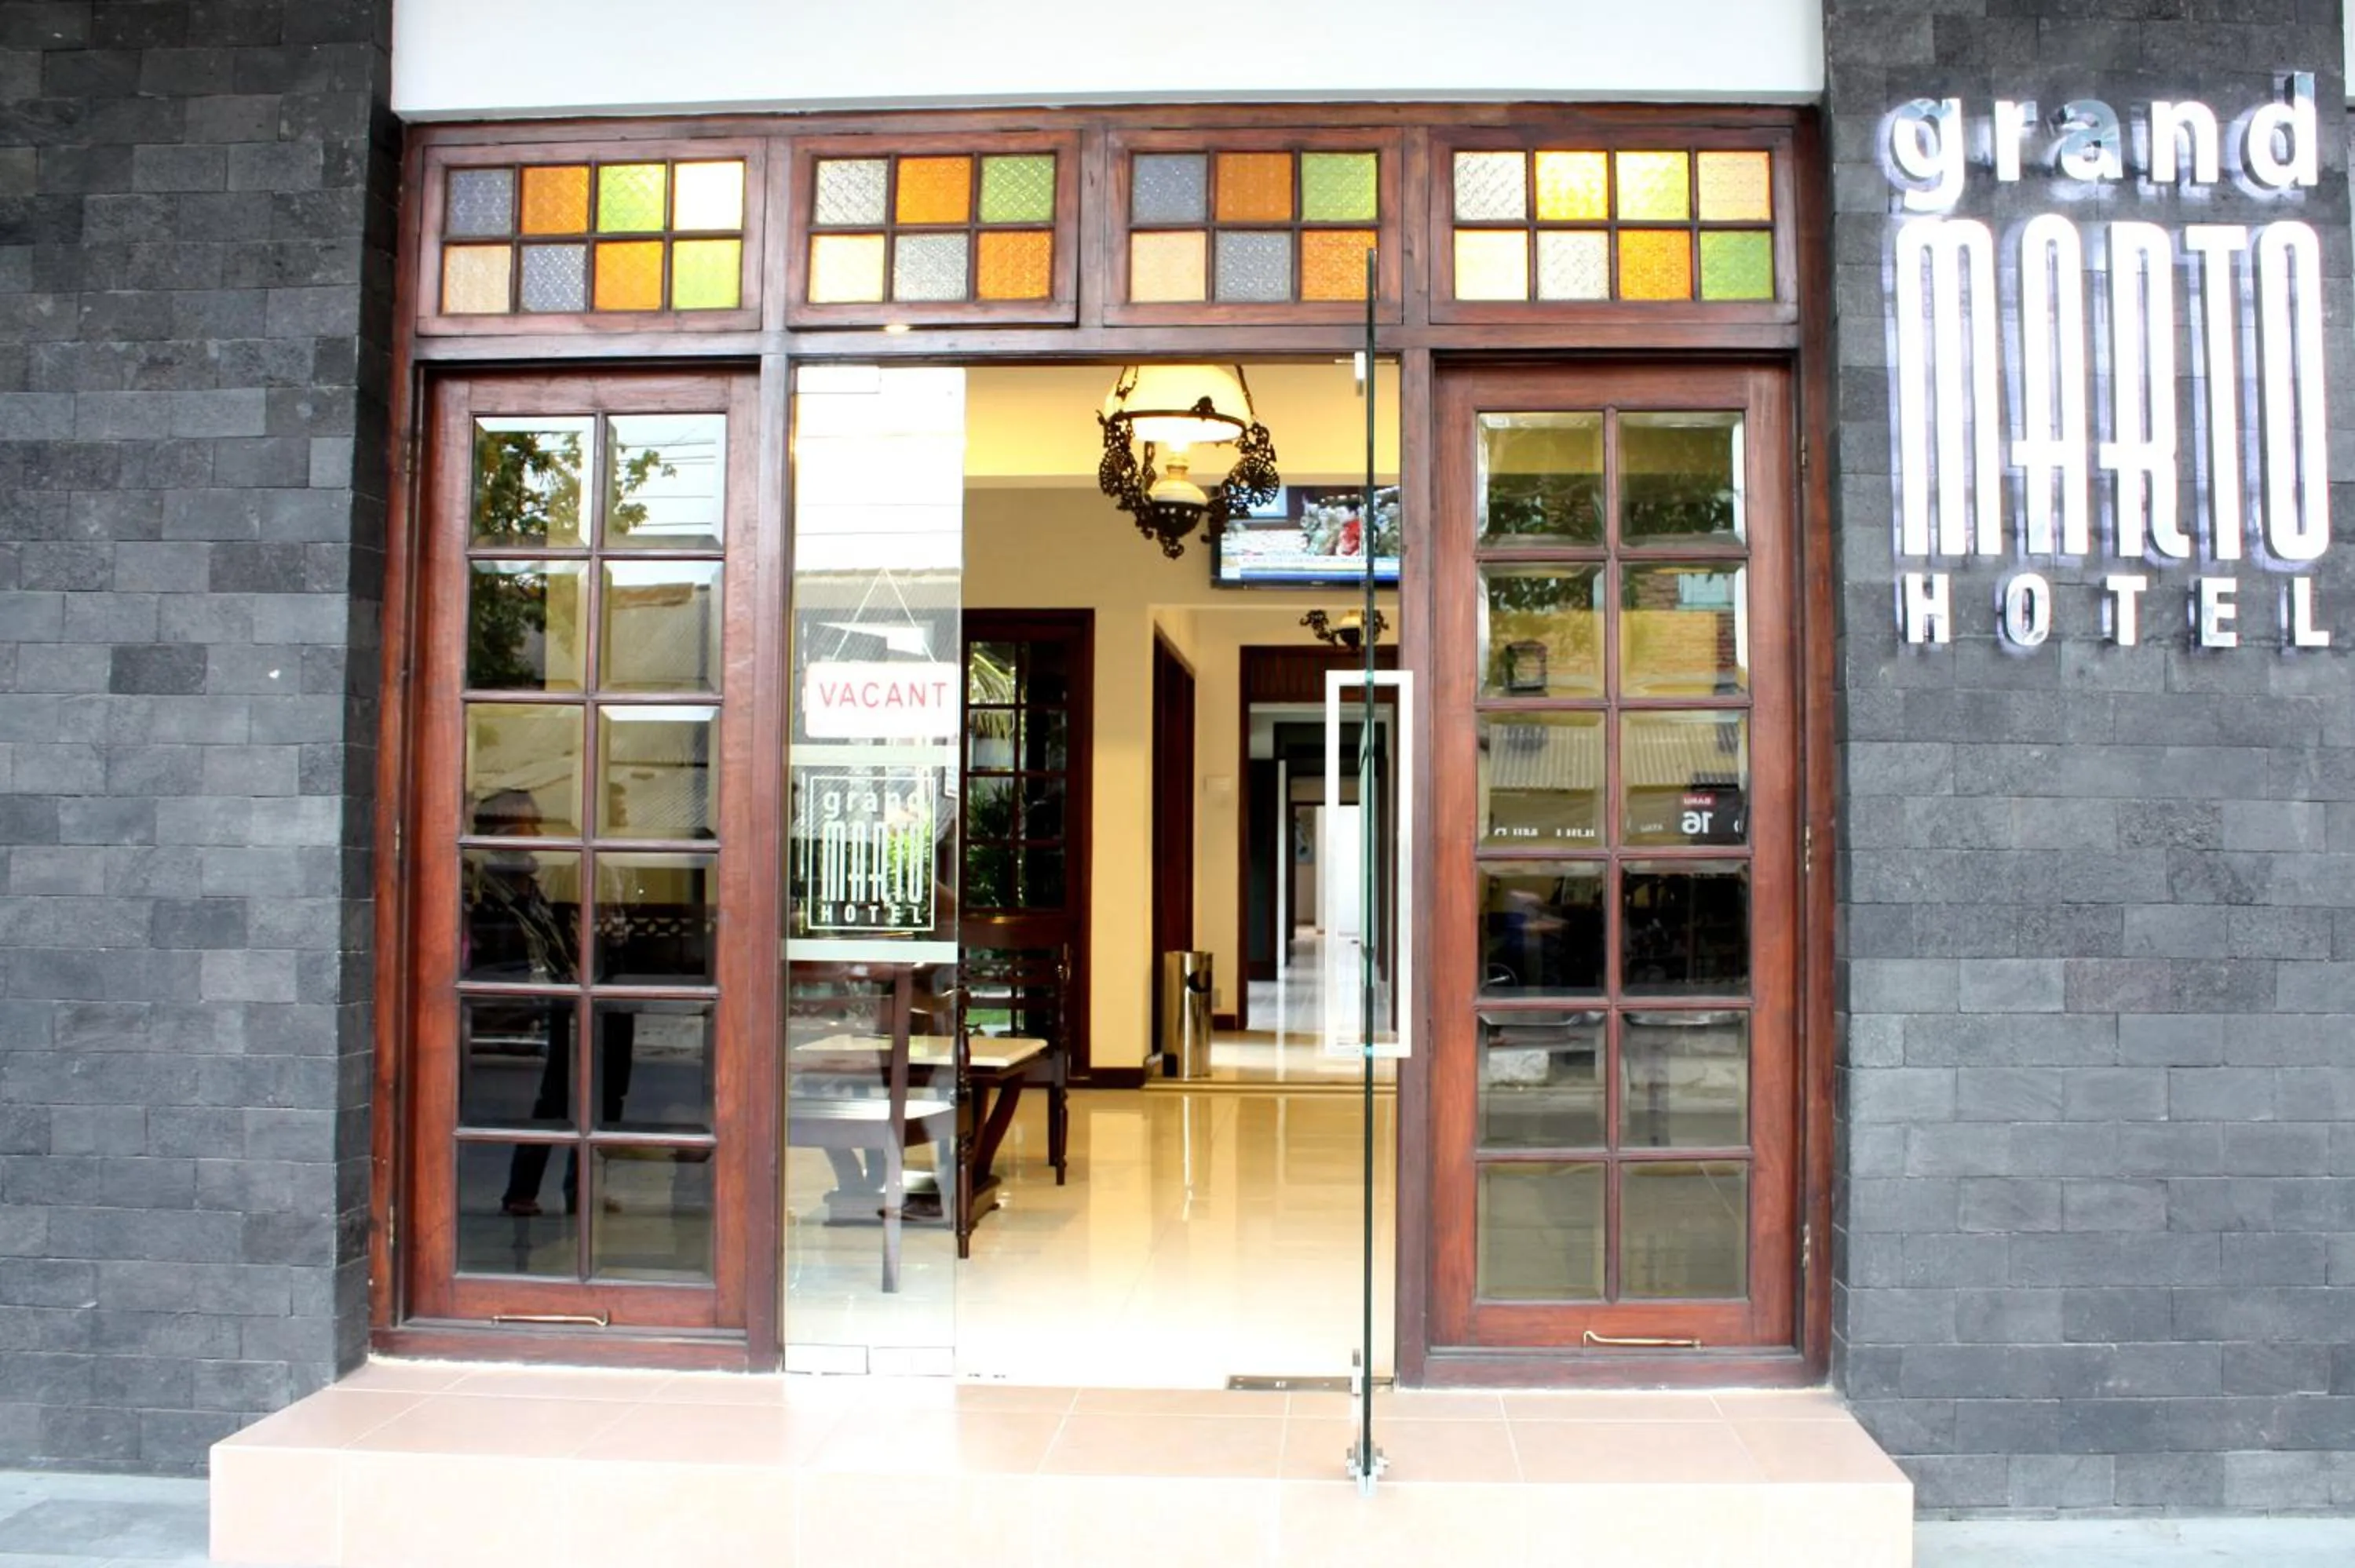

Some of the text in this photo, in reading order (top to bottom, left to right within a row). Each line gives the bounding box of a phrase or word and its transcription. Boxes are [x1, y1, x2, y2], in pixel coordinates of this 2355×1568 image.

[1886, 71, 2318, 210] grand
[1903, 573, 2330, 647] HOTEL
[820, 682, 947, 707] VACANT
[823, 787, 924, 819] grand
[821, 905, 922, 924] HOTEL
______________________________
Task to carry out — Apart from the images, print all the material above exactly as given.

Exercise result —
Some of the text in this photo, in reading order (top to bottom, left to right within a row). Each line gives the bounding box of a phrase or word and its transcription. Boxes are [x1, y1, x2, y2], in pixel coordinates of this 2355×1568 image.

[1886, 71, 2318, 210] grand
[1903, 573, 2330, 647] HOTEL
[820, 682, 947, 707] VACANT
[823, 787, 924, 819] grand
[821, 905, 922, 924] HOTEL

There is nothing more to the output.